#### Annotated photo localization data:
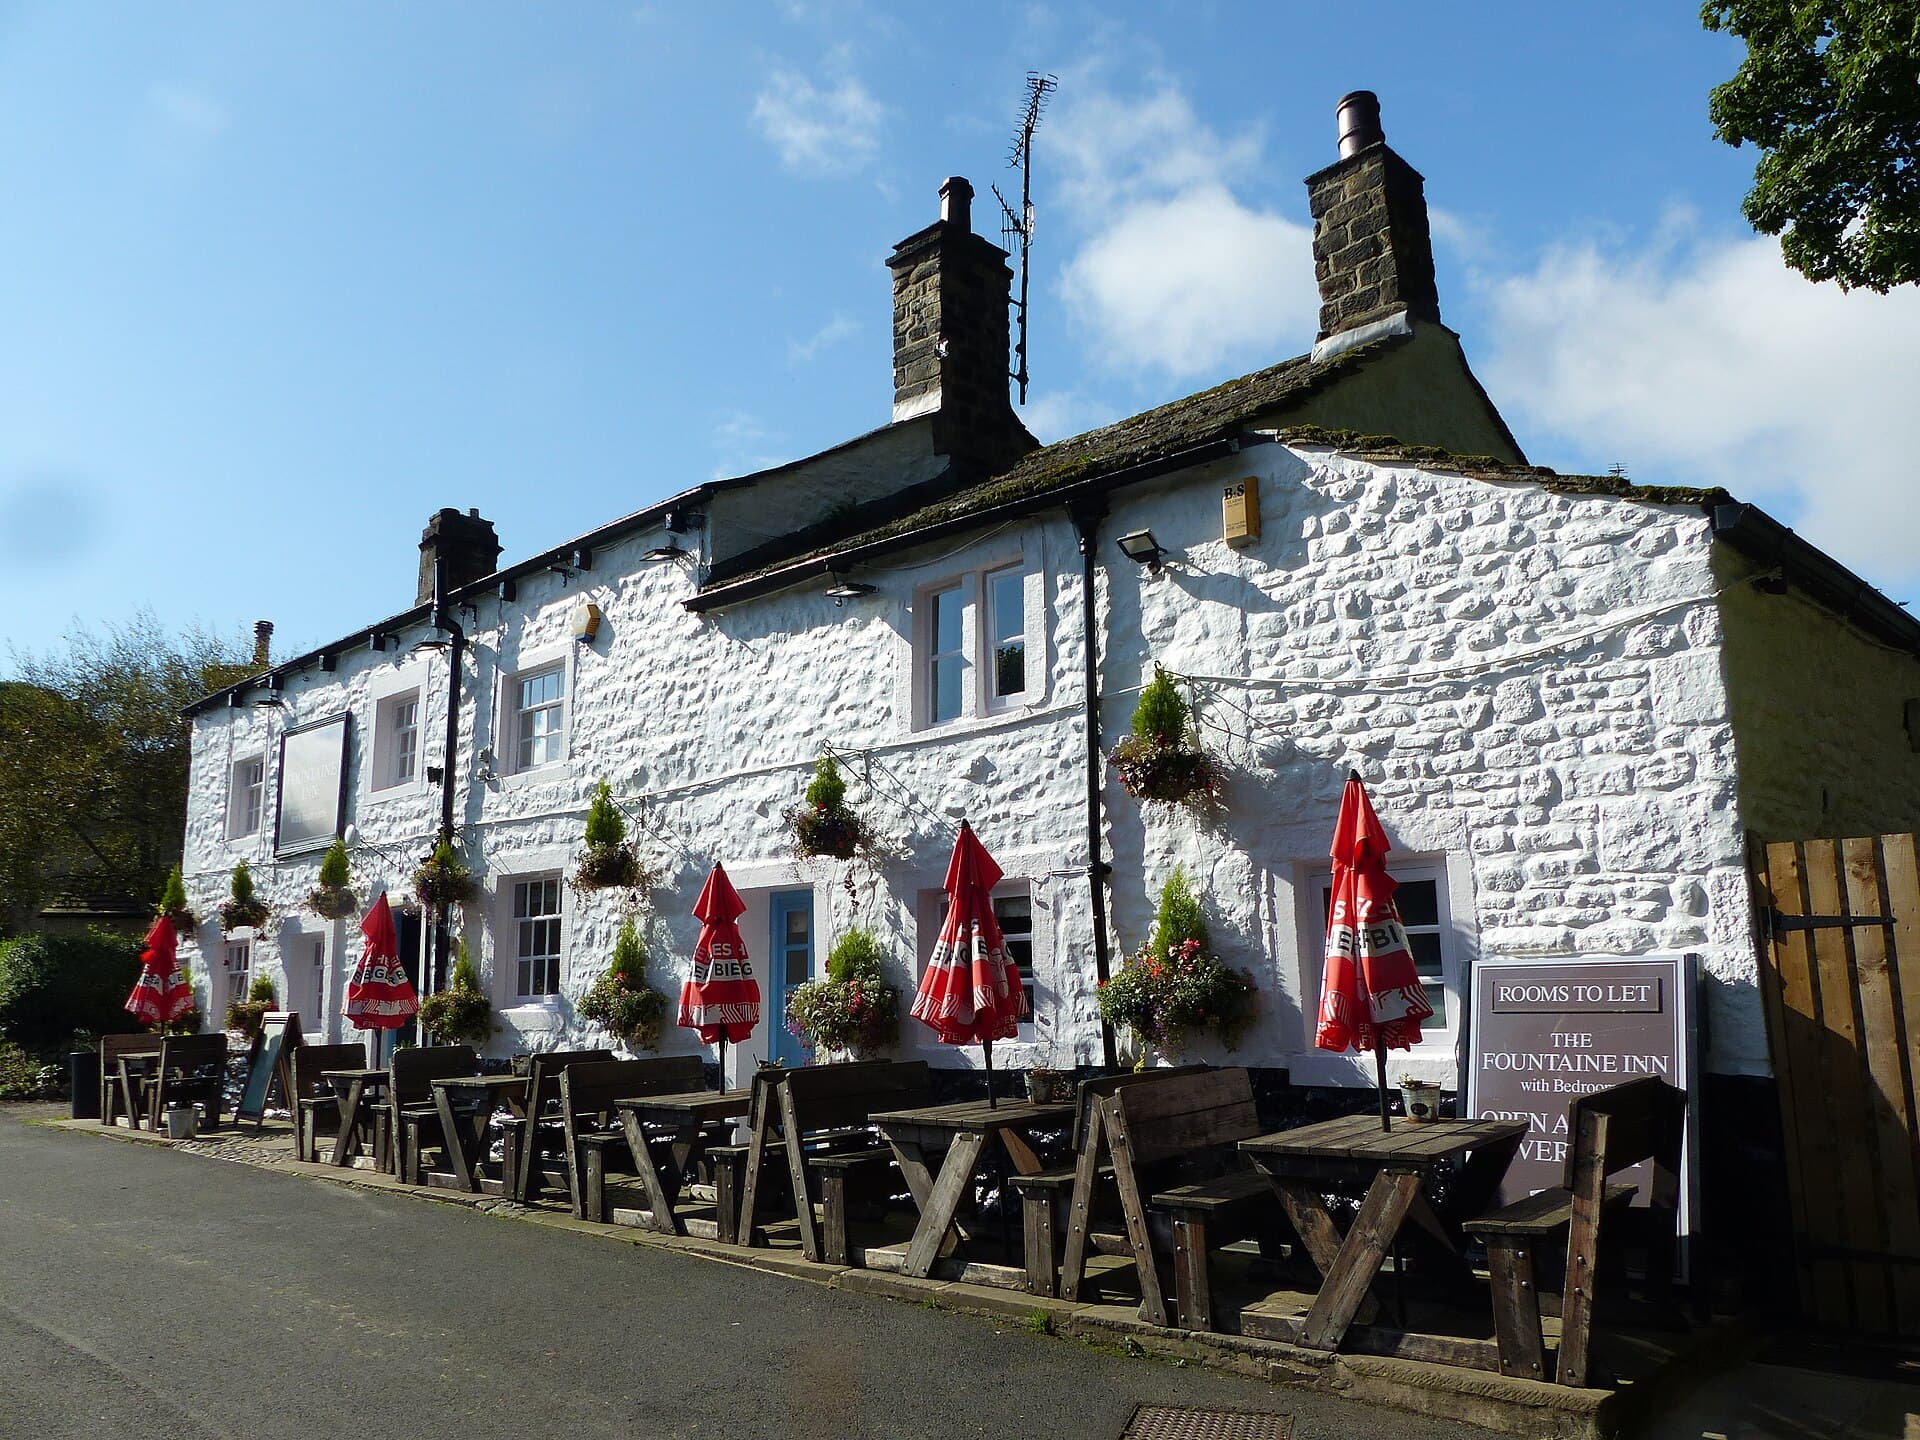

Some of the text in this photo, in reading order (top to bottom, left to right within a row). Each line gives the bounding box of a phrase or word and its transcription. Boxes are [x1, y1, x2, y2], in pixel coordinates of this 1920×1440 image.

[1498, 984, 1650, 1003] ROOMS TO LET
[1550, 1032, 1592, 1049] THE
[1481, 1053, 1669, 1075] FOUNTAINE INN
[1520, 1078, 1550, 1092] with
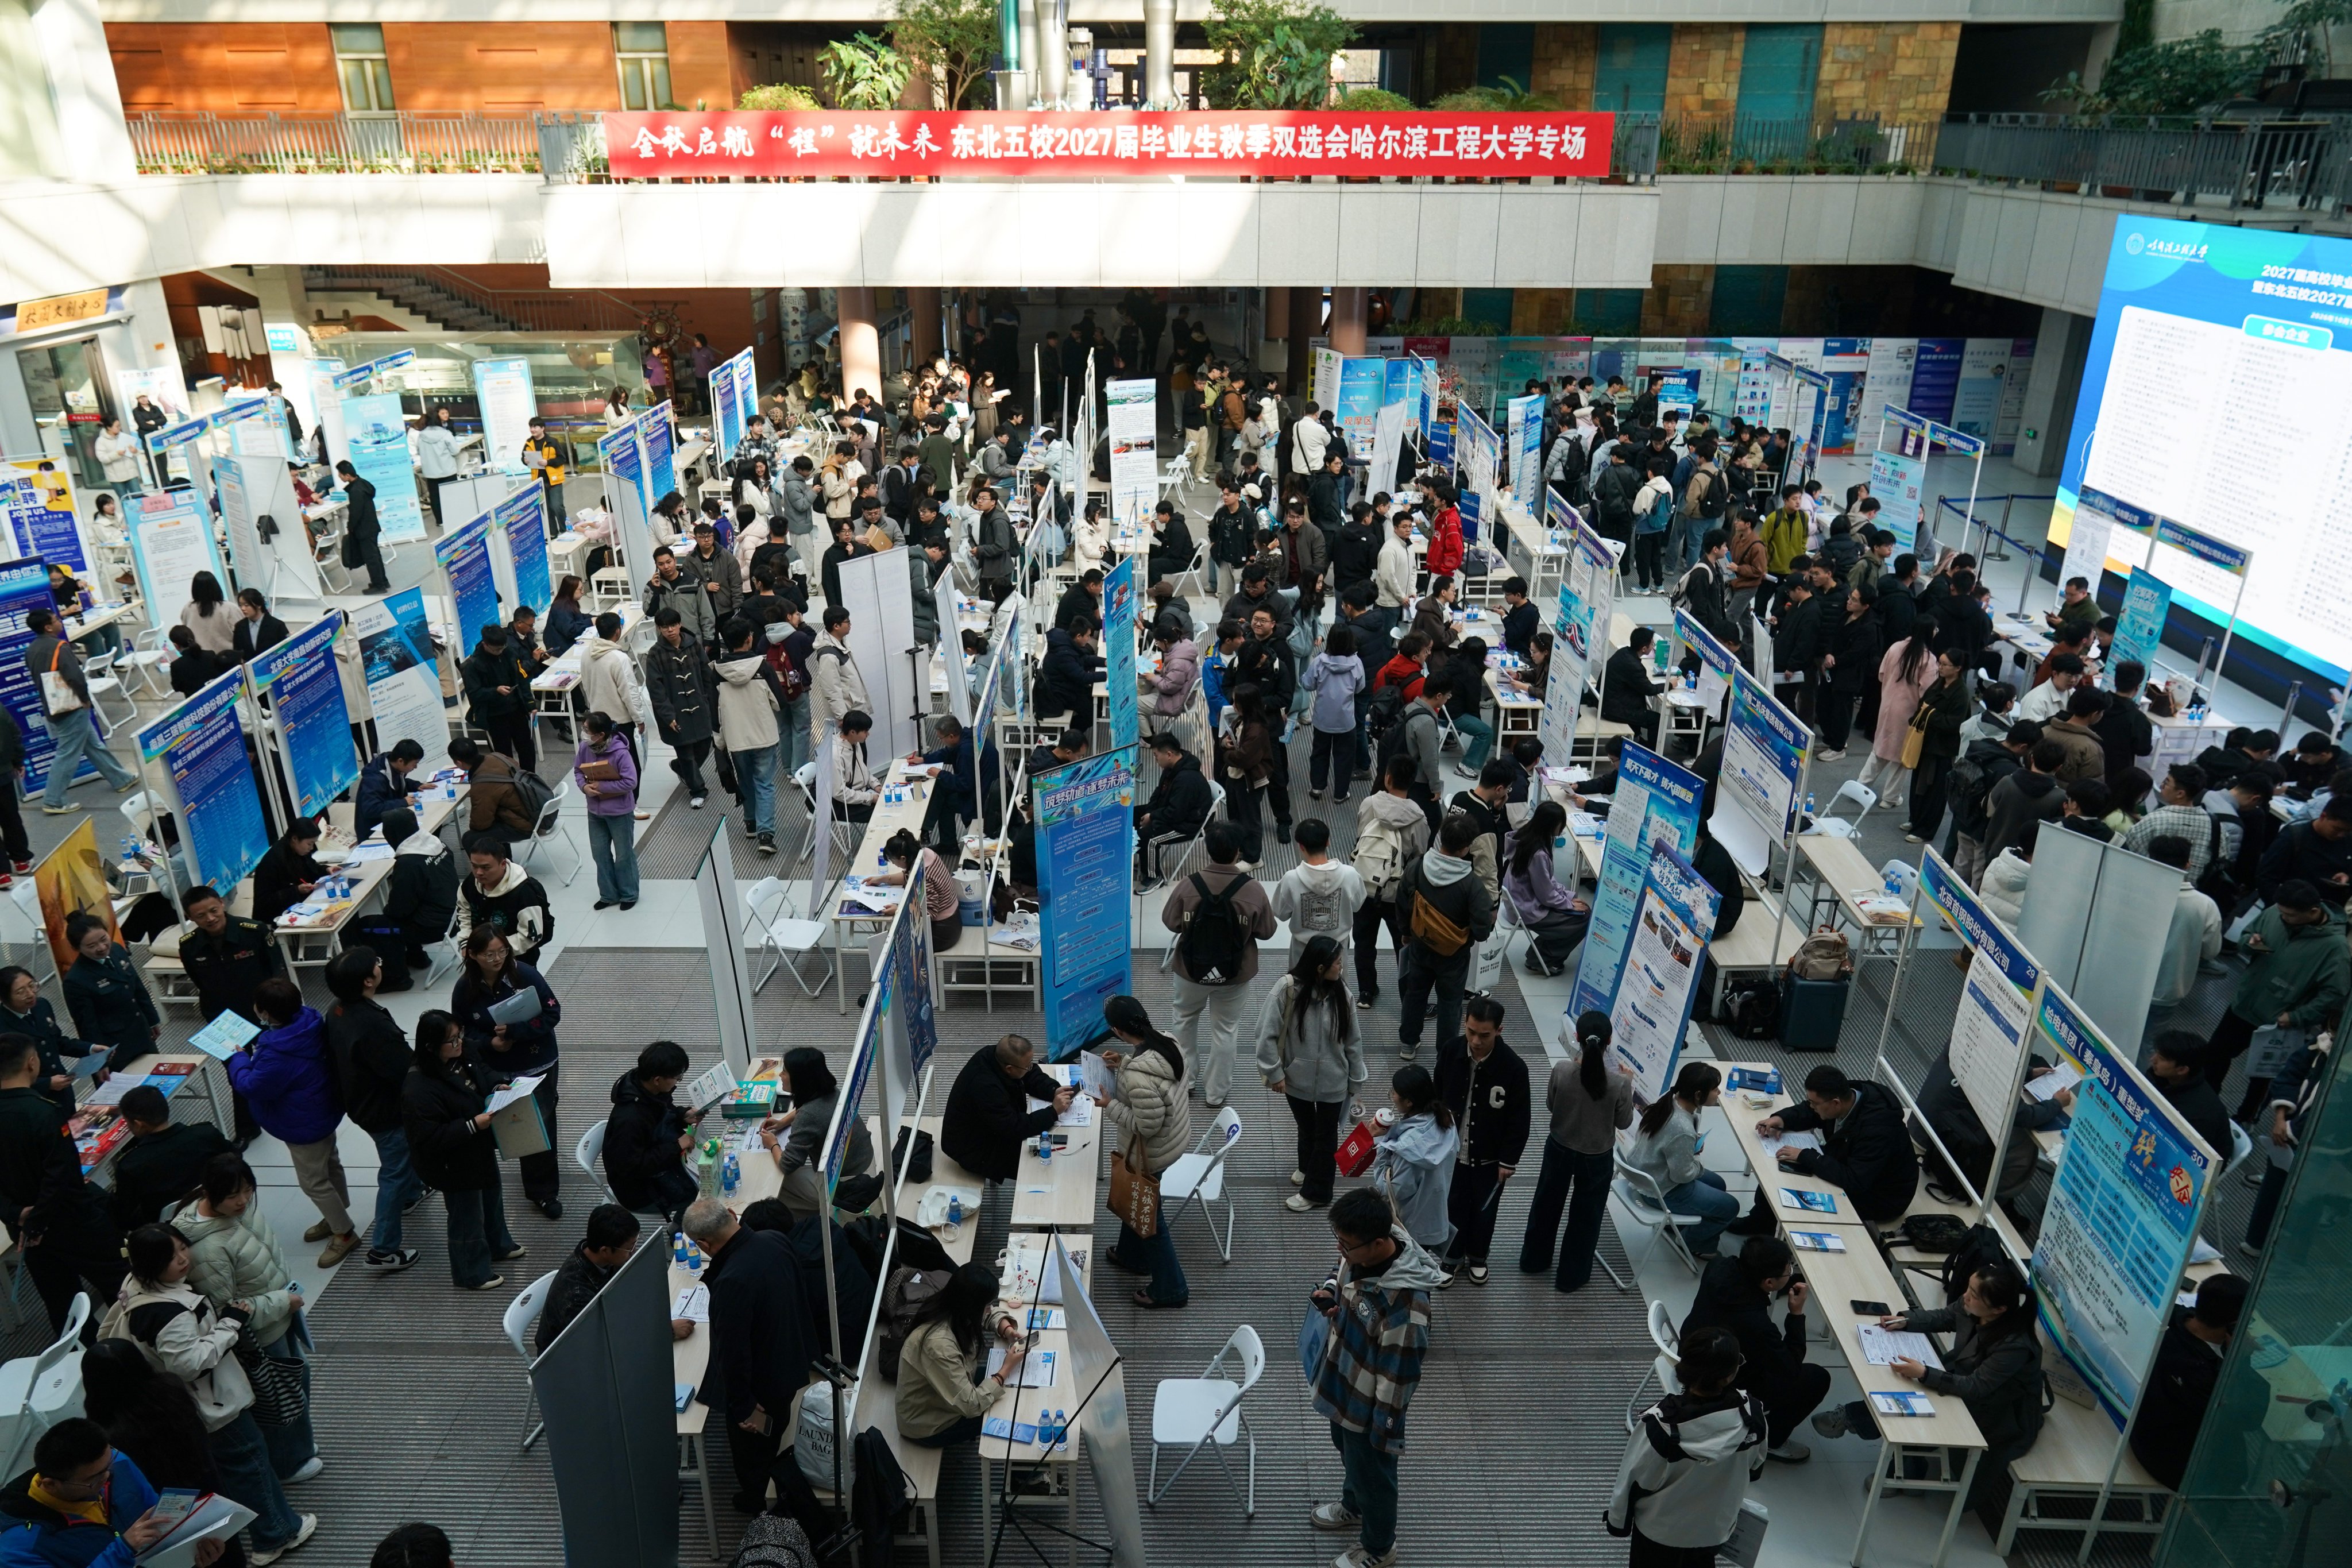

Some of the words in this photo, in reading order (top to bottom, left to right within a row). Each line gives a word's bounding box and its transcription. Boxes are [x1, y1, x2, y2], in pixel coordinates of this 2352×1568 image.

[630, 125, 755, 159] 金秋启航
[950, 123, 1586, 160] 东北五校2027届毕业生秋季双选会哈尔滨工程大学专场
[2262, 322, 2309, 343] 参会企业
[1344, 416, 1373, 426] 观摩区
[1872, 474, 1901, 488] 共创未来
[1874, 464, 1887, 476] 向上
[1891, 469, 1907, 481] 向新
[33, 508, 46, 516] US
[396, 601, 419, 615] 招聘信息
[270, 628, 333, 674] 北京大学南昌创新研究院
[149, 683, 241, 752] 南昌三瑞智能科技股份有限公司
[1742, 687, 1794, 745] 济南二机床集团有限公司
[1799, 732, 1806, 742] 28
[1790, 757, 1797, 768] 28
[1044, 784, 1086, 811] 筑梦轨道
[1086, 770, 1130, 797] 逐梦未来
[1625, 758, 1659, 784] 聚天下英才
[1660, 776, 1694, 804] 铸大国重器
[1938, 885, 2010, 974] 北京首钢股份有限公司
[2025, 965, 2036, 979] 29
[1489, 1085, 1506, 1109] C
[2190, 1150, 2204, 1168] 30
[798, 1426, 833, 1444] LAUND
[811, 1441, 832, 1455] BAG

#### To do:
Set each line of the records down again exactly as it reads. Omit the pictures.

#### Response to the exercise:
Some of the text in this photo, in reading order (top to bottom, left to right within a row). Each line gives the bounding box of a phrase or word and its transcription. Boxes are [x1, y1, x2, y2], in pixel coordinates of this 1920×1440 image.

[1498, 984, 1650, 1003] ROOMS TO LET
[1550, 1032, 1592, 1049] THE
[1481, 1053, 1669, 1075] FOUNTAINE INN
[1520, 1078, 1550, 1092] with

Some of the words in this photo, in reading order (top to bottom, left to right within a row). Each line gives a word's bounding box and its transcription. Boxes are [x1, y1, x2, y2], in pixel coordinates of this 2352×1568 image.

[630, 125, 755, 159] 金秋启航
[950, 123, 1586, 160] 东北五校2027届毕业生秋季双选会哈尔滨工程大学专场
[2262, 322, 2309, 343] 参会企业
[1344, 416, 1373, 426] 观摩区
[1872, 474, 1901, 488] 共创未来
[1874, 464, 1887, 476] 向上
[1891, 469, 1907, 481] 向新
[33, 508, 46, 516] US
[396, 601, 419, 615] 招聘信息
[270, 628, 333, 674] 北京大学南昌创新研究院
[149, 683, 241, 752] 南昌三瑞智能科技股份有限公司
[1742, 687, 1794, 745] 济南二机床集团有限公司
[1799, 732, 1806, 742] 28
[1790, 757, 1797, 768] 28
[1044, 784, 1086, 811] 筑梦轨道
[1086, 770, 1130, 797] 逐梦未来
[1625, 758, 1659, 784] 聚天下英才
[1660, 776, 1694, 804] 铸大国重器
[1938, 885, 2010, 974] 北京首钢股份有限公司
[2025, 965, 2036, 979] 29
[1489, 1085, 1506, 1109] C
[2190, 1150, 2204, 1168] 30
[798, 1426, 833, 1444] LAUND
[811, 1441, 832, 1455] BAG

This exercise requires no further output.